The fiador knot (also Theodore knot) is a decorative, symmetrical knot used in equine applications to create items such as rope halters, hobbles, and components of the fiador on some hackamore designs. As traditionally described, it is a four strand diamond knot in which six of the eight ends loop back into the knot, thus allowing it to be tied with a single line. While a specific knot is discussed in this article, the fiador knot has also been treated as an entire class of multi-strand knots similarly made with a single line.

==Etymology==
The origin of the variant name "Theodore knot", used in the United States, is a corruption of the Spanish fiador. American cowboys likewise corrupted a number of other closely related terms, substituting "hackamore" for jaquima and "McCarty" for mecate.
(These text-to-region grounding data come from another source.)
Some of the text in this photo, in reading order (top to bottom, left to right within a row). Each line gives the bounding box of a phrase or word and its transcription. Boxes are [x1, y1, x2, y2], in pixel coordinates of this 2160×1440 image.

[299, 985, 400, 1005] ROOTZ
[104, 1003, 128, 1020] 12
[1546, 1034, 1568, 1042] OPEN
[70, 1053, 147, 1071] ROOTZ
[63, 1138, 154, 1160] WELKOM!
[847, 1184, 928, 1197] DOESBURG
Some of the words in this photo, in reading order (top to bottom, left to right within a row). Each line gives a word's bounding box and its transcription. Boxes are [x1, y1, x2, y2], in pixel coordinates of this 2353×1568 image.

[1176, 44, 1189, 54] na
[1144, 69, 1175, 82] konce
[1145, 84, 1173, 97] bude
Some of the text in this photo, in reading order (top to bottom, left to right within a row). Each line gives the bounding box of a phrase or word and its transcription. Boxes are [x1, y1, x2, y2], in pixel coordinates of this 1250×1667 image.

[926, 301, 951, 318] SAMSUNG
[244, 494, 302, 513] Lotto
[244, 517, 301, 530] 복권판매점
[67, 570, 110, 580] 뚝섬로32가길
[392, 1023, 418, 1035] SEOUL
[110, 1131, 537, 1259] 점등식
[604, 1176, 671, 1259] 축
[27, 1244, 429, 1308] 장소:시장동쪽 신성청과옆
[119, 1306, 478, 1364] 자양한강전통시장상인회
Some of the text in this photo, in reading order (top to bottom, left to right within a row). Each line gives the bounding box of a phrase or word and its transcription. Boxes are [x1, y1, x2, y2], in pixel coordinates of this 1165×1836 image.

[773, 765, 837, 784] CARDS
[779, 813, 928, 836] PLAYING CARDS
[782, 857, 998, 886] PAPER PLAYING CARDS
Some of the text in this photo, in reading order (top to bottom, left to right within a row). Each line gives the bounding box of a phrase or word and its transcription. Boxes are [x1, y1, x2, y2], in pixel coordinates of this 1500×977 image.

Knotting authority Clifford Ashley relates Philip Ashton Rollins's suggestion that, "When Theodore Roosevelt, 'the hero of San Juan Hill,' visited the Southwest, shortly after the Spanish–American War, it was a foregone conclusion that the Spanish name 'Fiador' would be corrupted to 'Theodore' in his honor."

==Tying==

Considered a difficult knot to tie, cowboys were said to have been able to collect a fee for tying it. Ashley went so far as to include it in a chapter covering trick knots in The Ashley Book of Knots stating archly, "the trick is to succeed in tying it."

Many methods have been devised to tie the fiador knot, including fixtures used to hold the parts in shape while tying. More recent sources have shown a simpler method of forming the fiador knot using a flat precursor knot.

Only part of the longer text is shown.